*Task data*:

━━━━━━

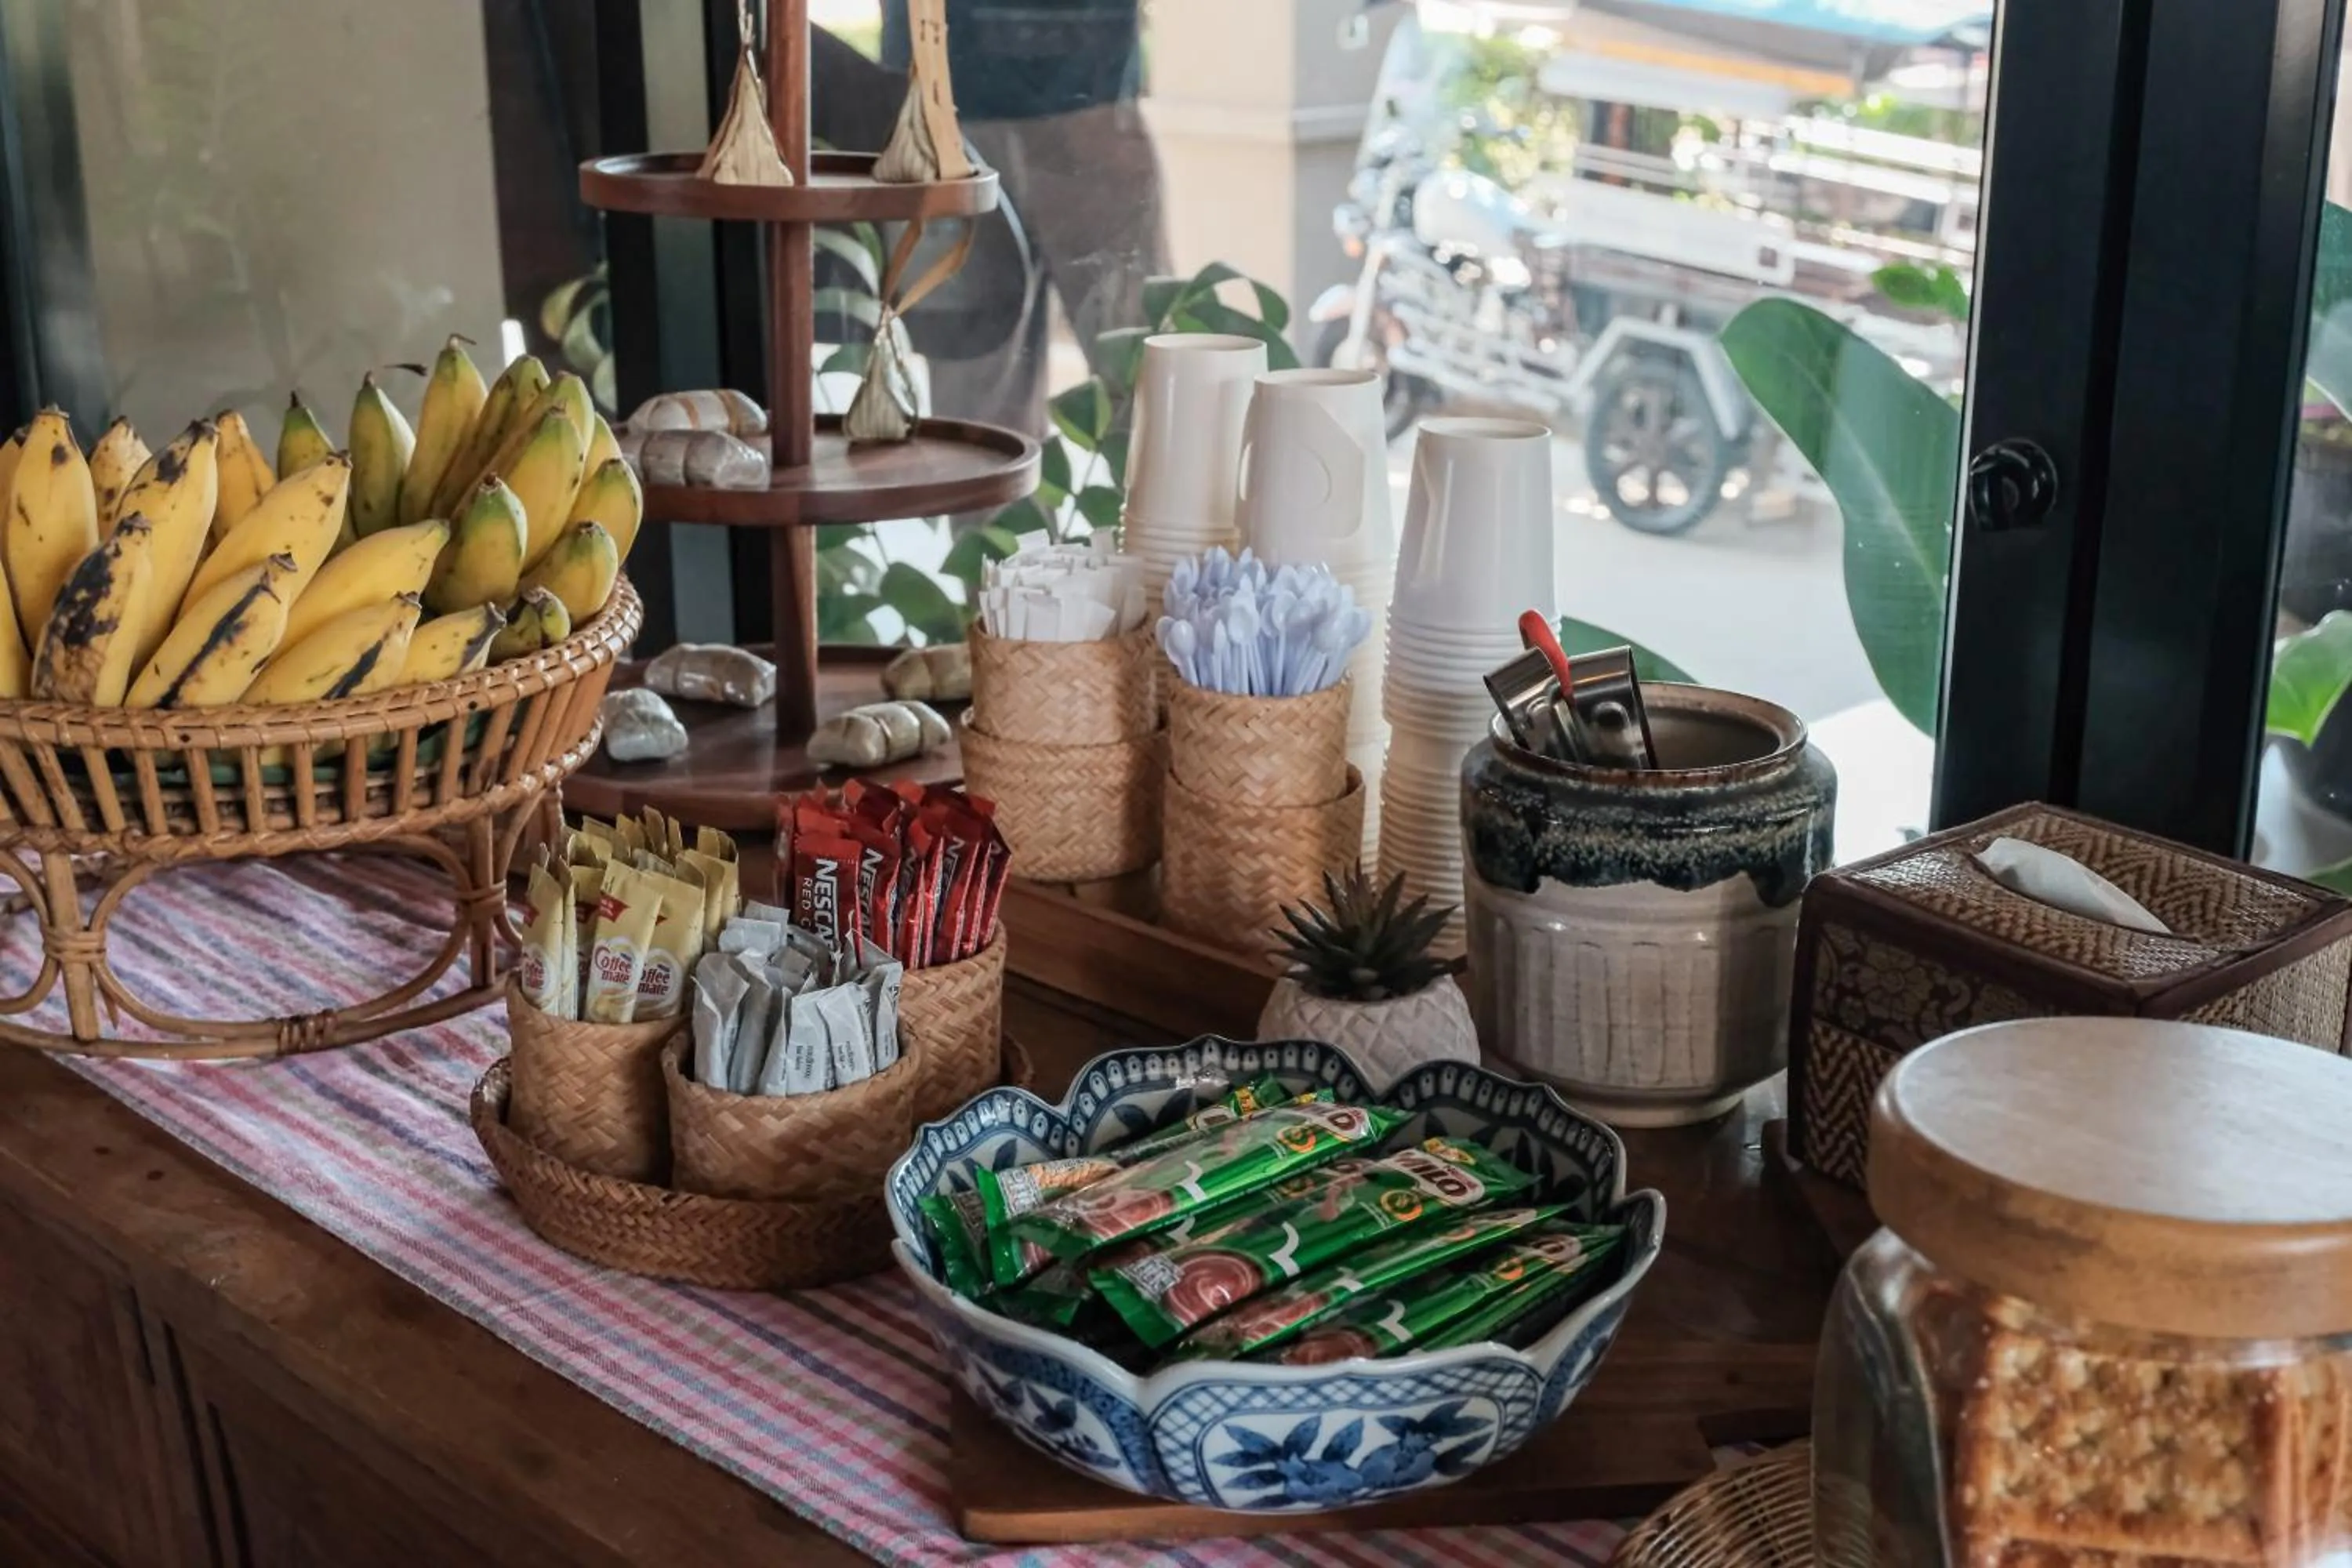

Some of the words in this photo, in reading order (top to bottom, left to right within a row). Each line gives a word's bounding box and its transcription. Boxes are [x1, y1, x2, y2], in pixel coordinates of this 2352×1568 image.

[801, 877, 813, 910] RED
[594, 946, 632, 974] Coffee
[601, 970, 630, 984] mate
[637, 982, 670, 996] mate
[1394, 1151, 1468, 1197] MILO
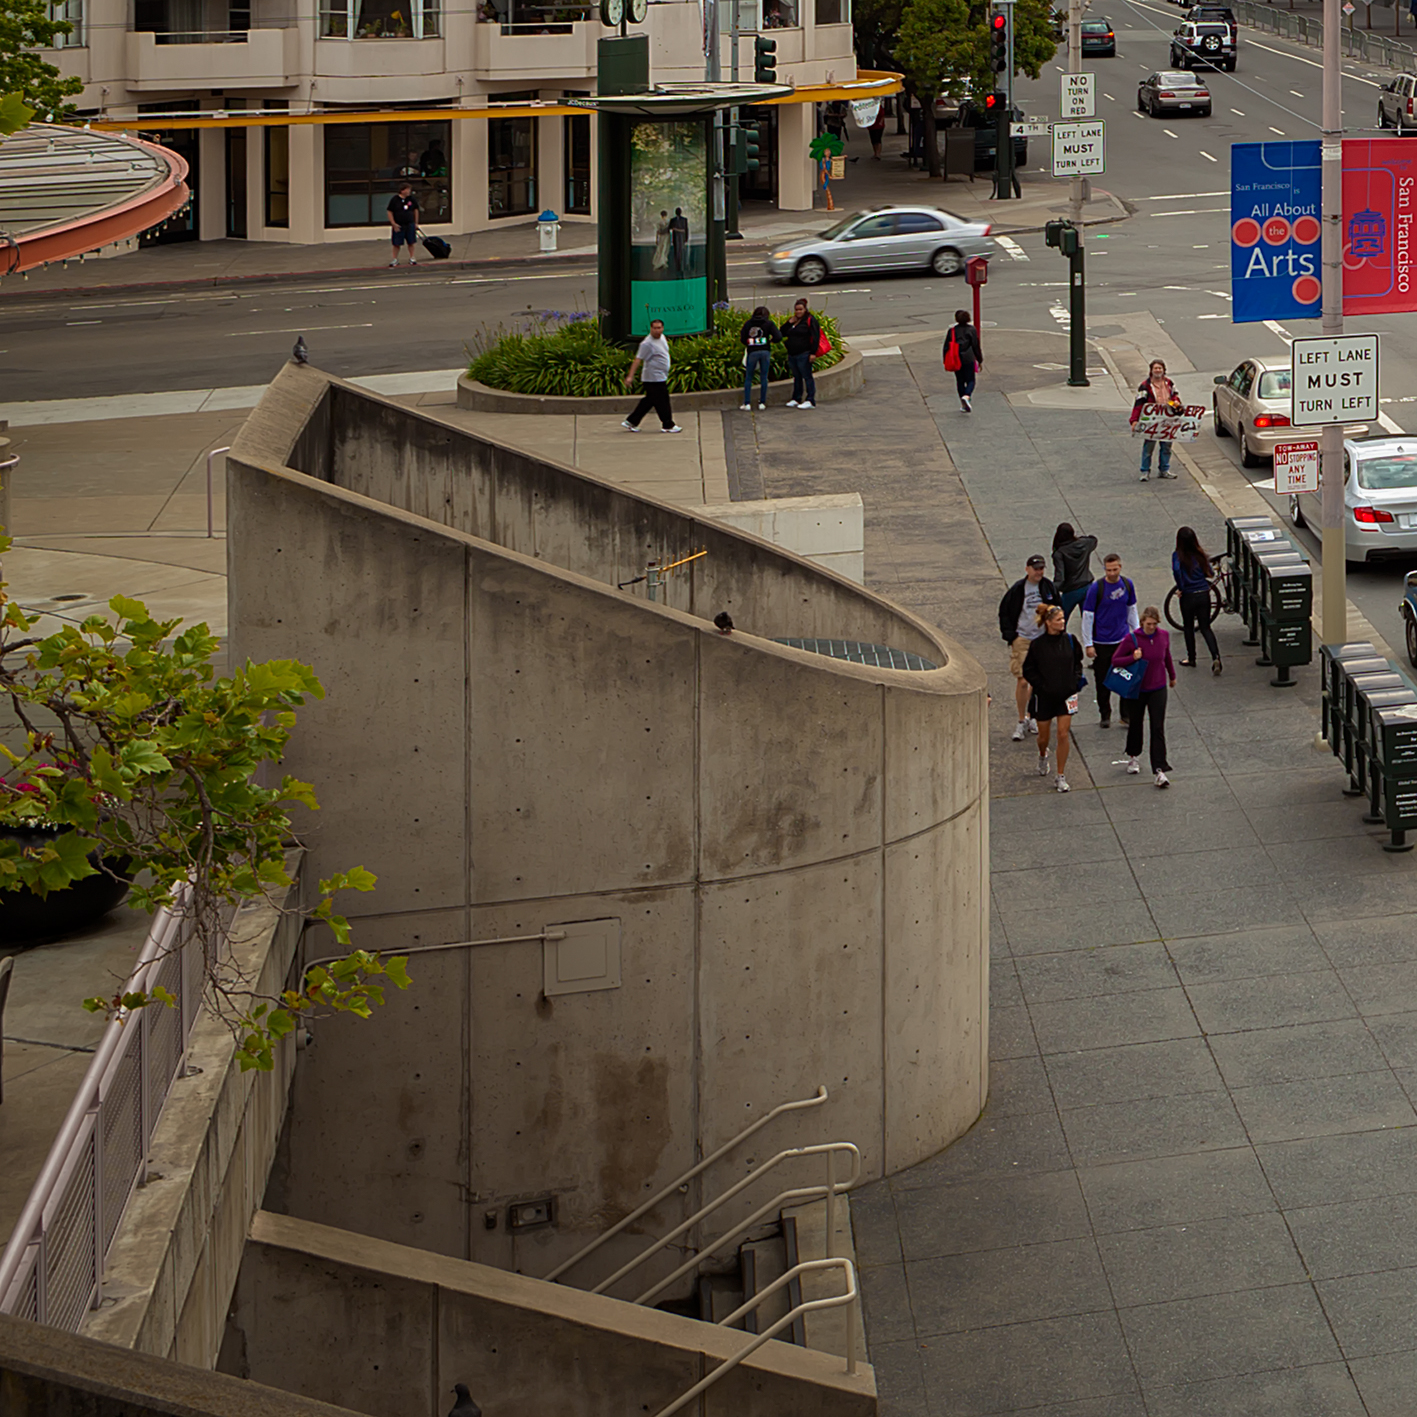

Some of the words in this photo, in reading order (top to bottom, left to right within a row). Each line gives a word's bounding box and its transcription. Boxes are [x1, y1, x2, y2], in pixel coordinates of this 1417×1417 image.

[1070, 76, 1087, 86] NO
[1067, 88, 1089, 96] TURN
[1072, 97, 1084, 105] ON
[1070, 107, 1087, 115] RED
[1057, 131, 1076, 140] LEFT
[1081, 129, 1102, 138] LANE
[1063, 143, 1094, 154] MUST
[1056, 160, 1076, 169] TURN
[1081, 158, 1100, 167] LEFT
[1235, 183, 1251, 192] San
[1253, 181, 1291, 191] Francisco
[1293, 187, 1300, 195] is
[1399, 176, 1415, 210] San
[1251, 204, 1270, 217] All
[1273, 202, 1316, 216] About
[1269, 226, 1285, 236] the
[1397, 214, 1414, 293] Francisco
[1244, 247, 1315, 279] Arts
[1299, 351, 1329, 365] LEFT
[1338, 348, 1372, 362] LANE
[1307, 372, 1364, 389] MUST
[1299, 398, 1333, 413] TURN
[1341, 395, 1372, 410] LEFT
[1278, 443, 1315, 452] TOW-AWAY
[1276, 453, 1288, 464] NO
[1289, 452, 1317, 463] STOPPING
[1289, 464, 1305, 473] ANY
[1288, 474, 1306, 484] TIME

━━━━━━

*Activity*: Write out all the material verbatim, images excluded.

*Result of this task*:
Some of the words in this photo, in reading order (top to bottom, left to right within a row). Each line gives a word's bounding box and its transcription. Boxes are [x1, y1, x2, y2], in pixel coordinates of this 2352×1568 image.

[801, 877, 813, 910] RED
[594, 946, 632, 974] Coffee
[601, 970, 630, 984] mate
[637, 982, 670, 996] mate
[1394, 1151, 1468, 1197] MILO

Some of the words in this photo, in reading order (top to bottom, left to right within a row). Each line gives a word's bounding box and its transcription. Boxes are [x1, y1, x2, y2], in pixel coordinates of this 1417×1417 image.

[1070, 76, 1087, 86] NO
[1067, 88, 1089, 96] TURN
[1072, 97, 1084, 105] ON
[1070, 107, 1087, 115] RED
[1057, 131, 1076, 140] LEFT
[1081, 129, 1102, 138] LANE
[1063, 143, 1094, 154] MUST
[1056, 160, 1076, 169] TURN
[1081, 158, 1100, 167] LEFT
[1235, 183, 1251, 192] San
[1253, 181, 1291, 191] Francisco
[1293, 187, 1300, 195] is
[1399, 176, 1415, 210] San
[1251, 204, 1270, 217] All
[1273, 202, 1316, 216] About
[1269, 226, 1285, 236] the
[1397, 214, 1414, 293] Francisco
[1244, 247, 1315, 279] Arts
[1299, 351, 1329, 365] LEFT
[1338, 348, 1372, 362] LANE
[1307, 372, 1364, 389] MUST
[1299, 398, 1333, 413] TURN
[1341, 395, 1372, 410] LEFT
[1278, 443, 1315, 452] TOW-AWAY
[1276, 453, 1288, 464] NO
[1289, 452, 1317, 463] STOPPING
[1289, 464, 1305, 473] ANY
[1288, 474, 1306, 484] TIME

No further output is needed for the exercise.